### Excerpted records
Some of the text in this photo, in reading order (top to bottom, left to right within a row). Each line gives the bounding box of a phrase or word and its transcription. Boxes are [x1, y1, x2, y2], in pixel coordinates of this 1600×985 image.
* * *
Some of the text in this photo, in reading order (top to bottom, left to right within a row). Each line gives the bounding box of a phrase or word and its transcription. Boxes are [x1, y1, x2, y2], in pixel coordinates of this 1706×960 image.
---
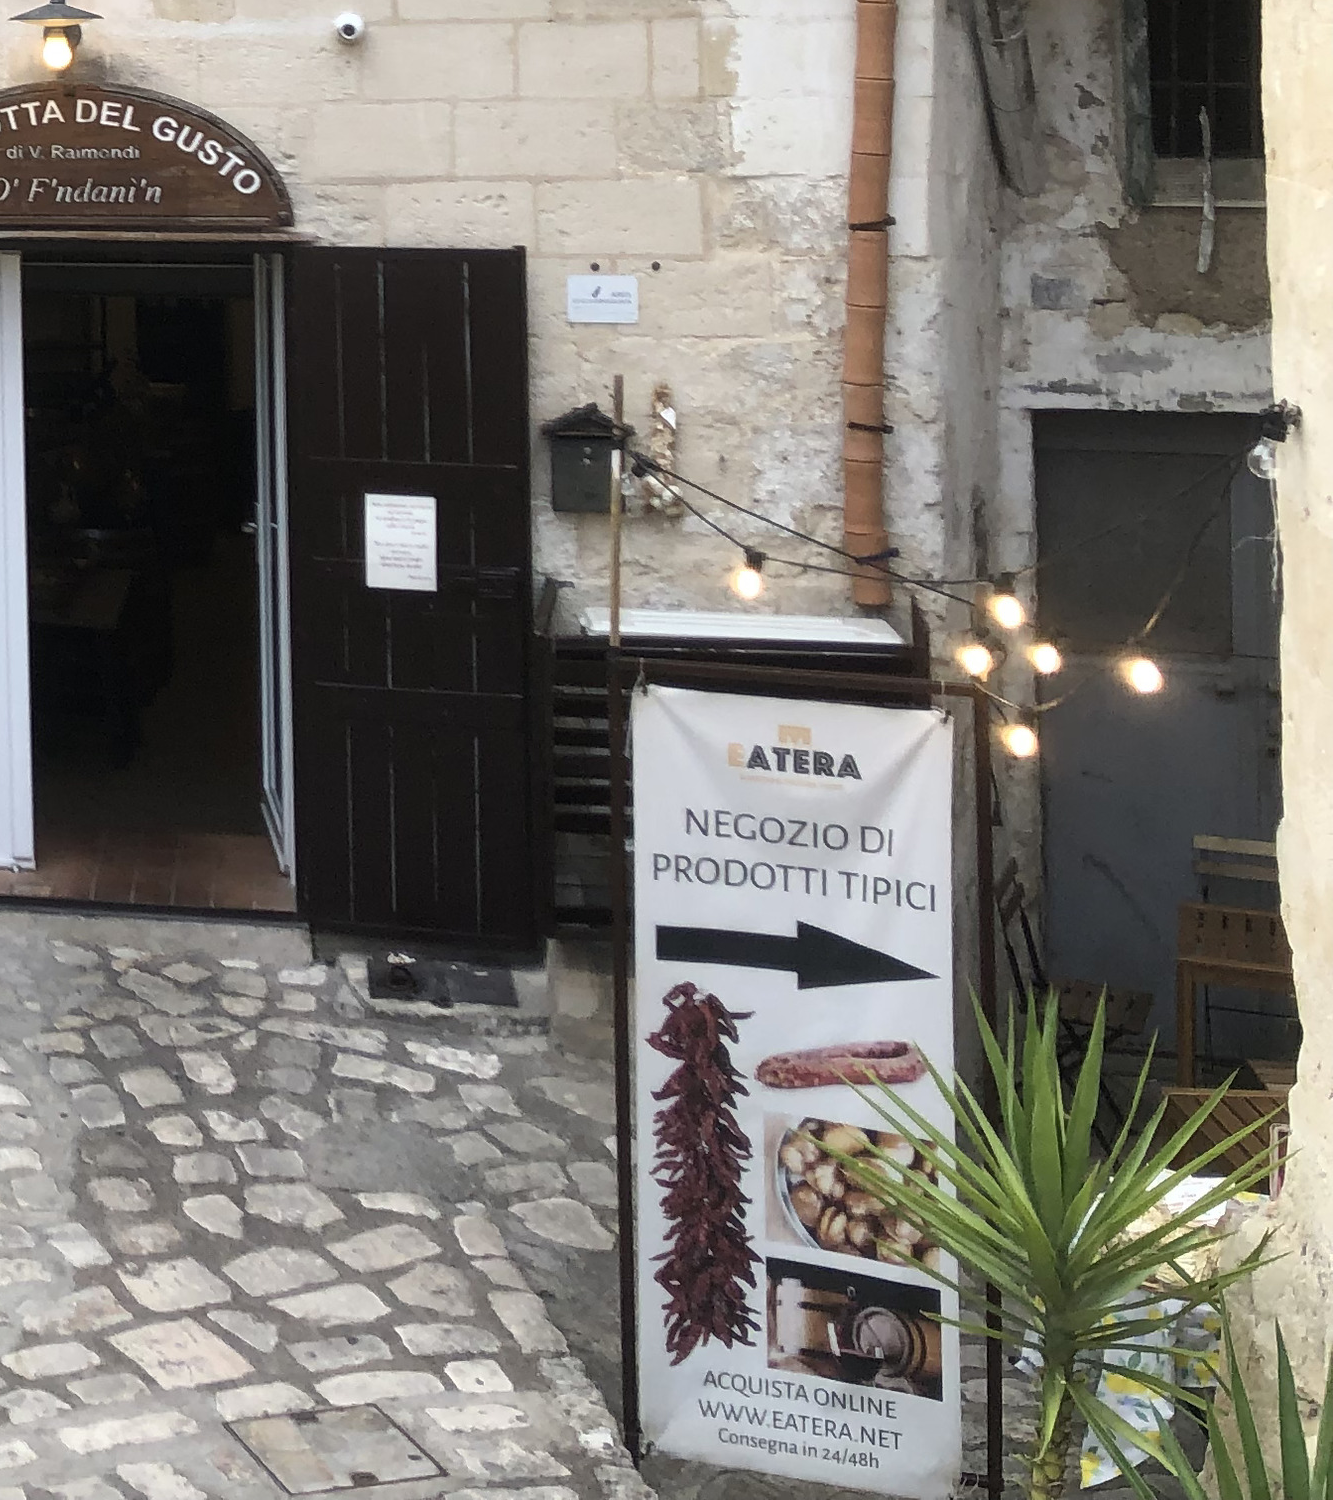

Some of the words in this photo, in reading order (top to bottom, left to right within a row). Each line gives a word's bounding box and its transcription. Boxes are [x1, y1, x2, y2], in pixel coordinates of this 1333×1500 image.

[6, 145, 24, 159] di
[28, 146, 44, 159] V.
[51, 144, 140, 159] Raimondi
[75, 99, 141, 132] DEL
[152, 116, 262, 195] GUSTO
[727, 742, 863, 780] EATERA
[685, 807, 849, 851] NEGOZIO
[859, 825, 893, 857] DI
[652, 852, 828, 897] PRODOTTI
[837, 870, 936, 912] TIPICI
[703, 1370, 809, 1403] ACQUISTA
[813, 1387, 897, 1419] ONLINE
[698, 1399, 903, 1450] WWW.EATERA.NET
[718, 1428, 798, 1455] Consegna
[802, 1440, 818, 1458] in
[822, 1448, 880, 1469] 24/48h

### Exercise
Exactly how many lines of the data include the word "text"? Reply with that number only.

### Final answer
2